### Data ###
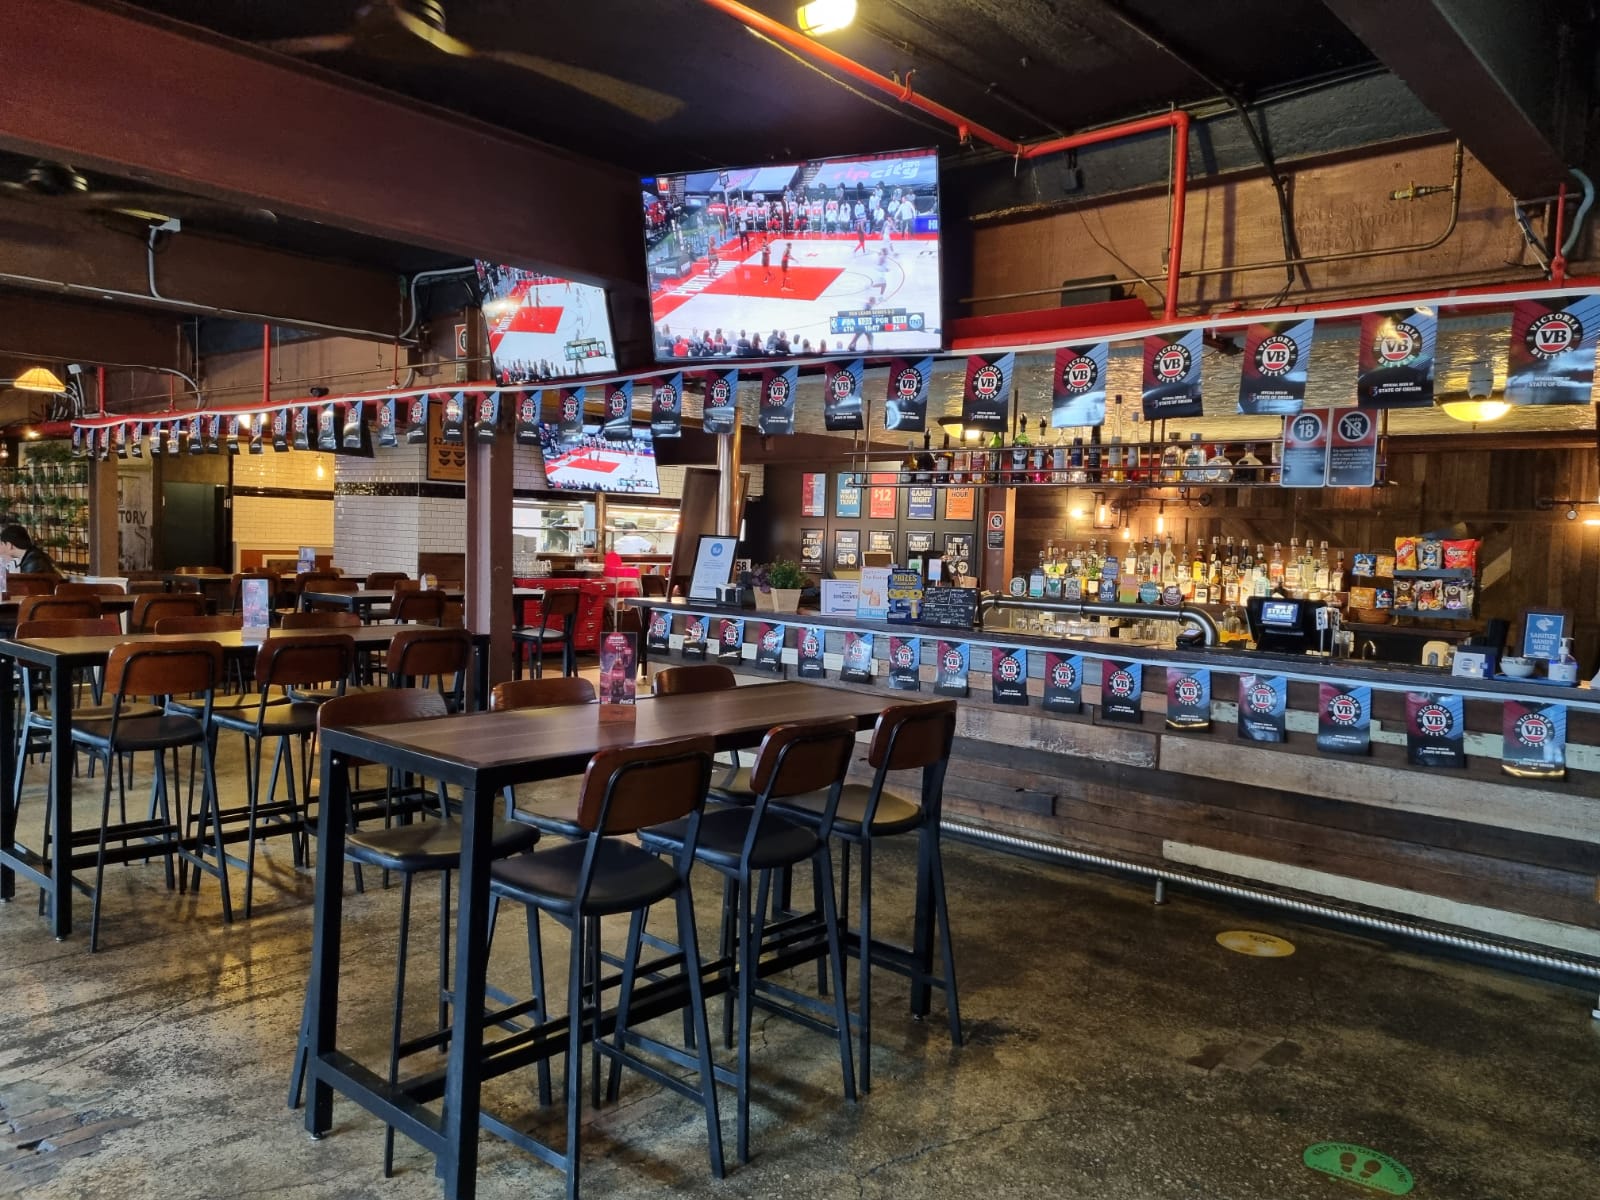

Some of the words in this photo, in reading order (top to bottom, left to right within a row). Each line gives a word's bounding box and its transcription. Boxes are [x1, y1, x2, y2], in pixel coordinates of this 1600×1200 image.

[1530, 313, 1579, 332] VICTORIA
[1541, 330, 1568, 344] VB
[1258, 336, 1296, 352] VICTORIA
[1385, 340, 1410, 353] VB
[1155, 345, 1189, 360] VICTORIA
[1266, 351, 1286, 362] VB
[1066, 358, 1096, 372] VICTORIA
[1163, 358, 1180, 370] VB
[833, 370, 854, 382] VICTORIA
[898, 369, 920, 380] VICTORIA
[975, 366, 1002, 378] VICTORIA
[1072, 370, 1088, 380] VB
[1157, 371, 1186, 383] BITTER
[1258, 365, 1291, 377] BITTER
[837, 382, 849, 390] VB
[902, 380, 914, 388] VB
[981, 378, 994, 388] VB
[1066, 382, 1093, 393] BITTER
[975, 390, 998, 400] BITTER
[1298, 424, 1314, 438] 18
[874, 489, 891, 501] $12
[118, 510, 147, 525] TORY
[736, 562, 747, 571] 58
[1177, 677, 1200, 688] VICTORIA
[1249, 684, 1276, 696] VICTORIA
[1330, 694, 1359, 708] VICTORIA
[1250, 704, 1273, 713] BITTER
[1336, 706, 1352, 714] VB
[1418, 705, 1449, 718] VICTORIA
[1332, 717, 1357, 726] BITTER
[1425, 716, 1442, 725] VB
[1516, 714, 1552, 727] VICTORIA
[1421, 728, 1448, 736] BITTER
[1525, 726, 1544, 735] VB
###
**How to complete this task:** Full transcription of the material, exact in every line, without images.

**Expected output:**
Some of the words in this photo, in reading order (top to bottom, left to right within a row). Each line gives a word's bounding box and its transcription. Boxes are [x1, y1, x2, y2], in pixel coordinates of this 1600×1200 image.

[1530, 313, 1579, 332] VICTORIA
[1541, 330, 1568, 344] VB
[1258, 336, 1296, 352] VICTORIA
[1385, 340, 1410, 353] VB
[1155, 345, 1189, 360] VICTORIA
[1266, 351, 1286, 362] VB
[1066, 358, 1096, 372] VICTORIA
[1163, 358, 1180, 370] VB
[833, 370, 854, 382] VICTORIA
[898, 369, 920, 380] VICTORIA
[975, 366, 1002, 378] VICTORIA
[1072, 370, 1088, 380] VB
[1157, 371, 1186, 383] BITTER
[1258, 365, 1291, 377] BITTER
[837, 382, 849, 390] VB
[902, 380, 914, 388] VB
[981, 378, 994, 388] VB
[1066, 382, 1093, 393] BITTER
[975, 390, 998, 400] BITTER
[1298, 424, 1314, 438] 18
[874, 489, 891, 501] $12
[118, 510, 147, 525] TORY
[736, 562, 747, 571] 58
[1177, 677, 1200, 688] VICTORIA
[1249, 684, 1276, 696] VICTORIA
[1330, 694, 1359, 708] VICTORIA
[1250, 704, 1273, 713] BITTER
[1336, 706, 1352, 714] VB
[1418, 705, 1449, 718] VICTORIA
[1332, 717, 1357, 726] BITTER
[1425, 716, 1442, 725] VB
[1516, 714, 1552, 727] VICTORIA
[1421, 728, 1448, 736] BITTER
[1525, 726, 1544, 735] VB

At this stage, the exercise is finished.